静室里,只有药气流转时极轻微的、仿佛风过竹叶的沙沙声。
以及戴芙蓉自己绵长而稳定的气息。
她心神沉静,引导着最后几缕精纯药力,如丝如缕,温柔地包裹、抚过玉石的每一寸“肌理”。
这是最后一遍固本培元。
完成后,这块养魂玉便可作为稳定的安魂法器,长期佩戴于神魂受损者身上,助其缓慢恢复。
药力流转,渐趋圆满。
玉石散发的淡青色光晕,稳定而柔和,将戴芙蓉的侧脸映照得一片静谧。
就在她心神微松,准备徐徐收功,将最后一丝药气纳入玉中、彻底完成这次温养的那一刻——
异变陡生。
“嗡……”
一声极其轻微、几乎难以用耳捕捉的颤鸣,自玉石核心最深处传来。
那不是沈万金残念的波动,也绝非幼儿懵懂的意识。
那是一种……戴芙蓉从未感受过的频率。
冰冷。
古老。
带着一种难以言喻的、仿佛空间被无形之力微微扭曲的奇异质感。
它如同一颗投入绝对静水中的石子,激起的涟漪却瞬间穿透了药气的包裹,清晰地震荡在戴芙蓉的心神感知中。
却又在出现的刹那,便骤然消弭。
快得像是错觉。
戴芙蓉蓦然睁眼。
眸中碧色光华一闪而逝,所有心神瞬间凝聚,死死锁住掌间的养魂玉。
玉石依旧温润,光华柔和。
其中沈万金与幼儿的残念,依旧在平稳“沉睡”,对刚才那瞬息即逝的异动毫无所觉。
仿佛刚才那一声冰冷颤鸣,从未存在过。
戴芙蓉眉头紧蹙。
她对自己的感知有绝对的自信。
方才那绝非错觉。
那是什么?
是这养魂玉在漫长岁月中,于极阴之地自然沾染的某种“杂质”或“印记”,在温养圆满的最后一刻被激发了出来?
还是……
她凝视着玉石。
淡青色的光晕倒映在她澄澈的眼瞳里。
一个更令她不安的念头,悄然浮现。
那冰冷的颤鸣,出现得突兀,消失得彻底。
不像是玉石内部自发产生。
反倒更像是对……远方某个同源或共鸣之物,产生的极其微弱的遥相感应。
如同孤弦自鸣,必有他弦同震。
只是那“他弦”所在,恐怕极为遥远,或者被某种力量重重阻隔,以至于传递到此地的感应,只剩下这一丝几乎无法捕捉的余波。
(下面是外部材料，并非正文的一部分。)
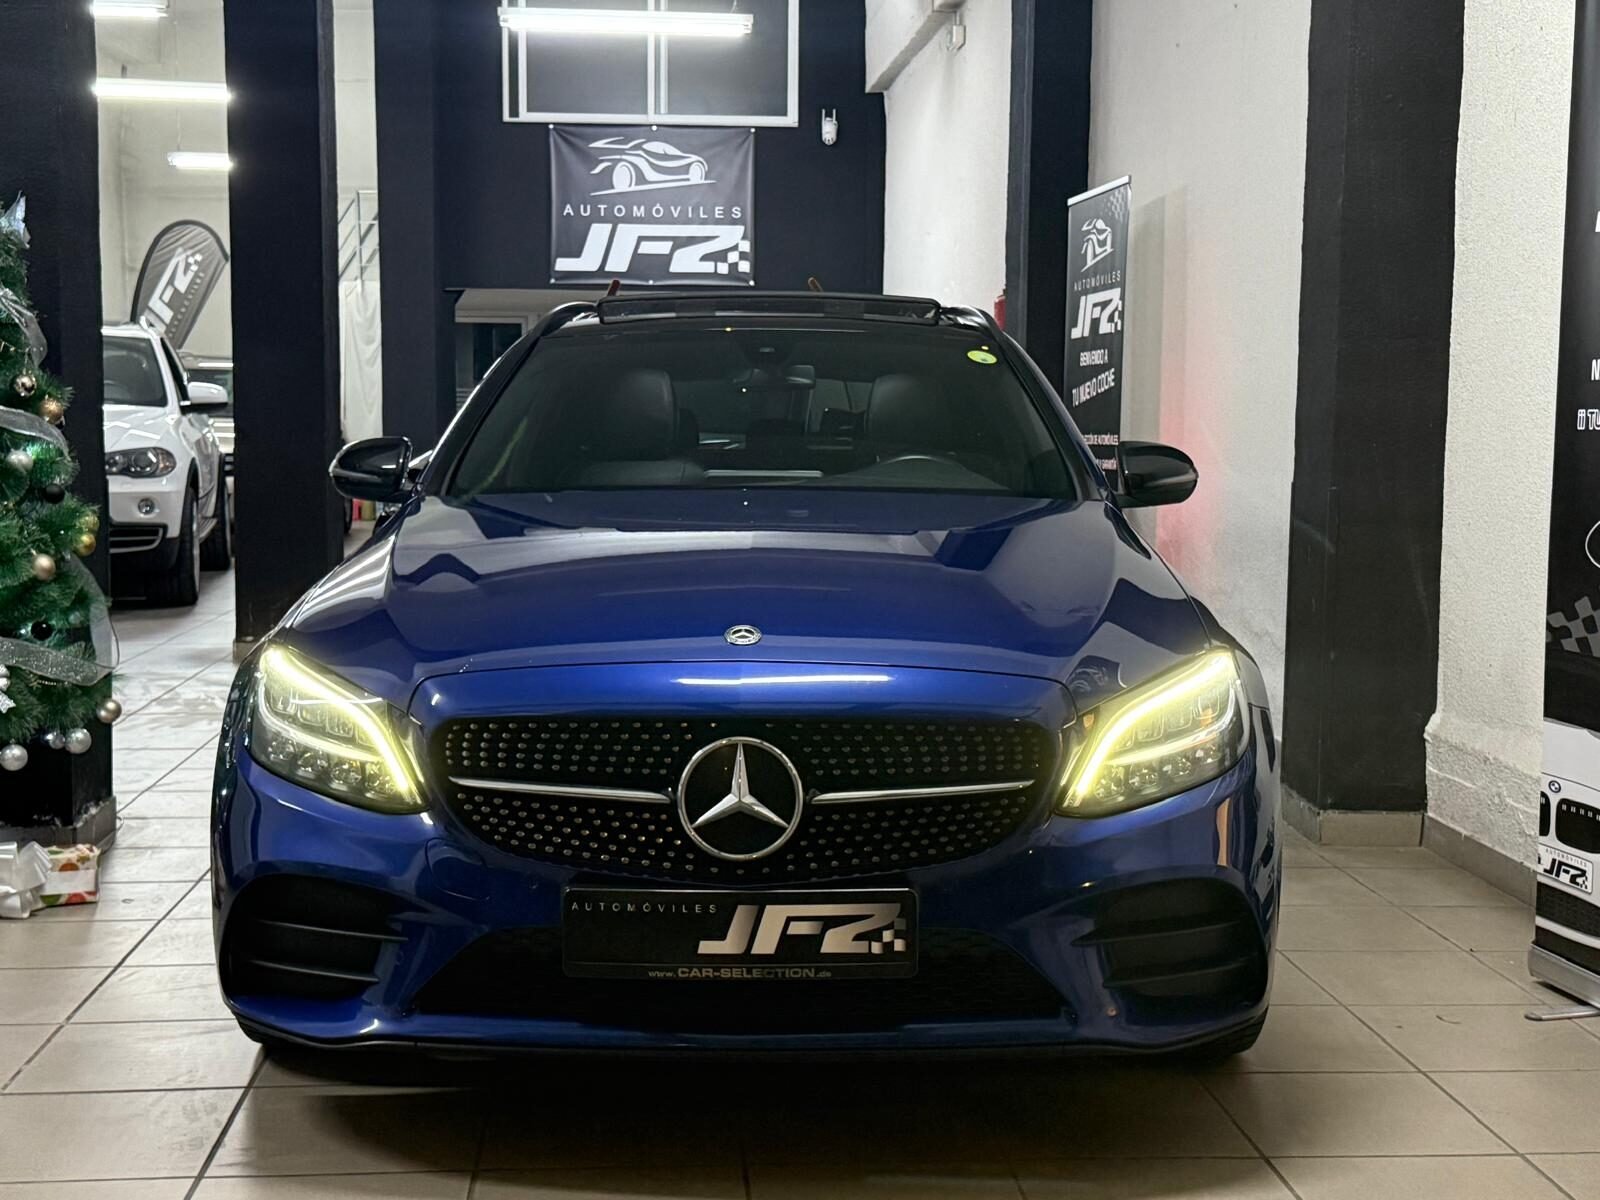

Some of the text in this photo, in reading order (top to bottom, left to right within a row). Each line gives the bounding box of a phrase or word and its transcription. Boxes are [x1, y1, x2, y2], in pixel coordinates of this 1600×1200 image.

而这玉石,恰好处于被药气充分激发、灵性最活跃的圆满临界点,才勉强捕捉到了这一丝异动。
戴芙蓉维持着双手虚捧的姿势,一动不动。
静室内的空气仿佛凝固了。
只有光影中浮动的微尘,兀自缓慢沉浮。
她将全部心神沉入玉石,细细探查,不放过任何一点细微的灵性变化。
一炷香。
两炷香。
玉石静静悬浮,光华内敛,再无任何异常。
那一声冰冷颤鸣,如同投入深潭的石子,了无痕迹。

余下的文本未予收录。